Java News from Sunday, July 3, 2005

Samsung has submitted JSR 278, Resource Management Framework, to the Java Community Process. According to the JSR,

Traditionally, Java platforms that run in a single operating system process do not provide explicit management of resources since it is taken care of by the operating system?s intrinsic features. The only resource management facility provided by the virtual machine is the Garbage Collector which is solely responsible of managing memory for all Java objects (regardless of which application they belong to) within a virtual machine. The main limitation of the garbage collector is its inability to handle native resources such as files, sockets, and native memory allocated by JNI native methods. Furthermore, reachability of Java objects may not be sufficient for determining whether an object is indeed "alive" or not, since an object may be reachable through a shared collection of objects (or repository) and yet be bound to a particular application whose lifecycle determines the liveness of the object.

However, several containment frameworks such as Xlet engines typically run in a single virtual machine within a single operating system process and provide an environment that can initiate, run, and terminate multiple applications. When these containment frameworks are embedded in systems requiring high availability, they necessitate explicit management of resources in order to provide a robust and long running environment.

The core of this API is an interface called ResourceManager which defines an interface that all resource managers must provide. The functionality provided by ResourceManager is the ability to force the reclamation of all resources bound to a specific application execution environment. Also, resource managers (classes implementing the ResourceManager interface) may be dynamically added to the framework. This provides extensibility which allows new profiles to be added to the Java platform and still benefit from the integrated resource management framework.

The extensibility feature of this API is the most important factor for proposing this API in the standard JCP process. Any existing or newly profiles that utilizes this API will benefit from its functionality and reversely, any Java platform that supports this API will be able to provide robustness as long as any plug-in profiles support this API.

This API assumes (or may include) the definition of application execution environment, which provides a unique isolated computing environment within a virtual machine that is particular to each application. The Application Isolation API Specification (JSR-121) is particularly well-fit to serve this purpose. It clearly states that resource control is not within its scope.

This API particularly targets J2ME platforms that run in a single process environment. Hence, multi-process virtual machines (mostly in J2SE or J2EE platforms and even in some J2ME platforms) may not benefit from providing this API.

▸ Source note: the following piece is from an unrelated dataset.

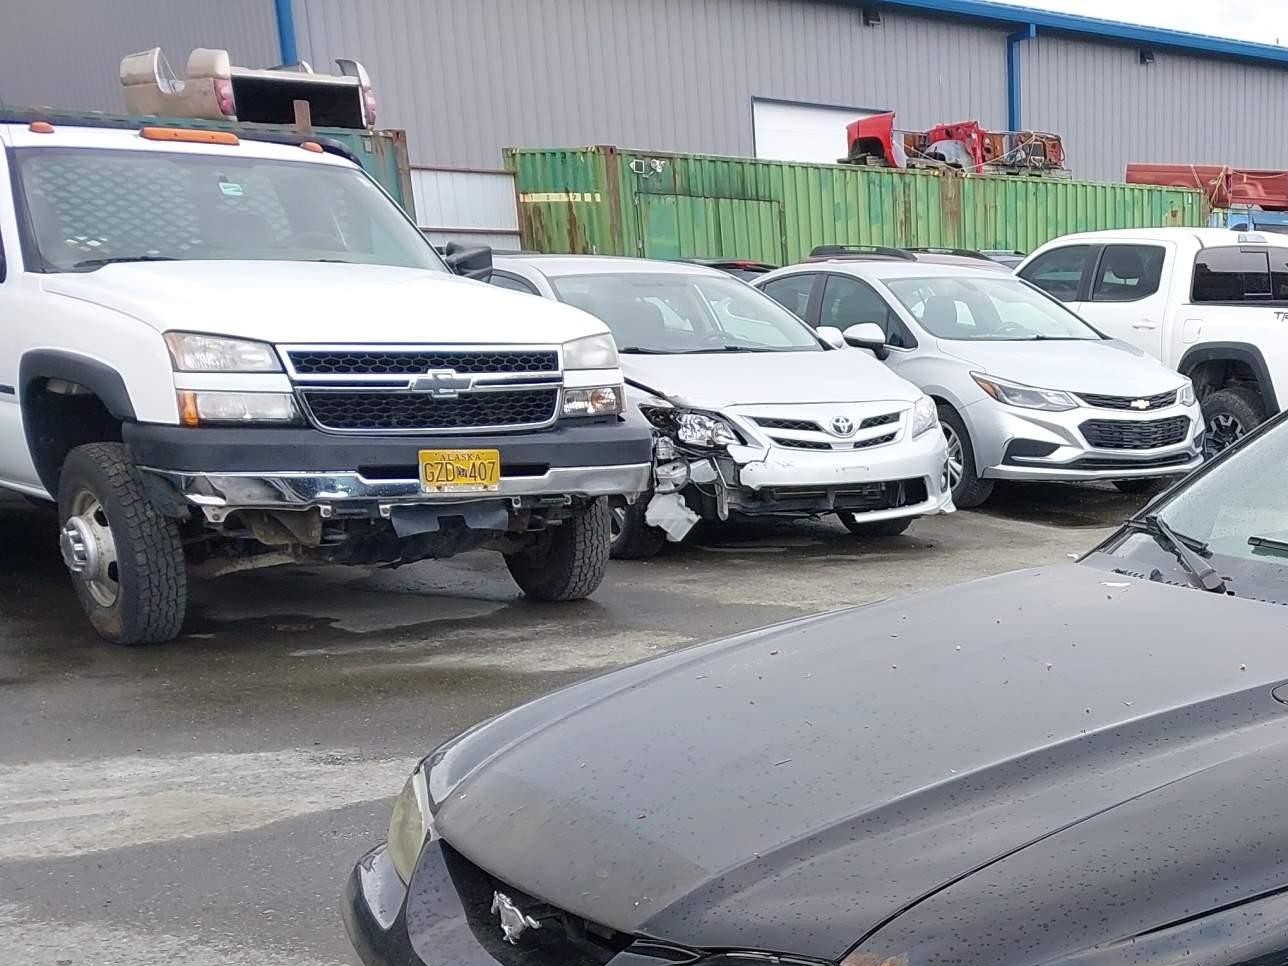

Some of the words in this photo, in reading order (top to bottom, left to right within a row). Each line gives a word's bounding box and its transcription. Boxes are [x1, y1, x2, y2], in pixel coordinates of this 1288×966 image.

[440, 453, 481, 462] ALASKA
[424, 462, 455, 483] GZD
[469, 461, 496, 482] 407

Resource Management Framework (RMF) API will be an optional package for the J2ME configurations CDC. This framework will focus on the ability to control the usage of resources among different applications within a single Java Virtual Machine. RMF will have a resource manager for each resource such as file, thread, socket, image, etc. These resource managers will be kept alive as long as the Java VM is running. All the resources which are bound to a specific application execution environment will be freed by the resource managers upon termination of the environment. The resource managers should be bookkeeping all the resources. The unit of management for the RMF API is an application execution environment. The abstraction introduced by the Application Isolation API (JSR 121) best serves this feature.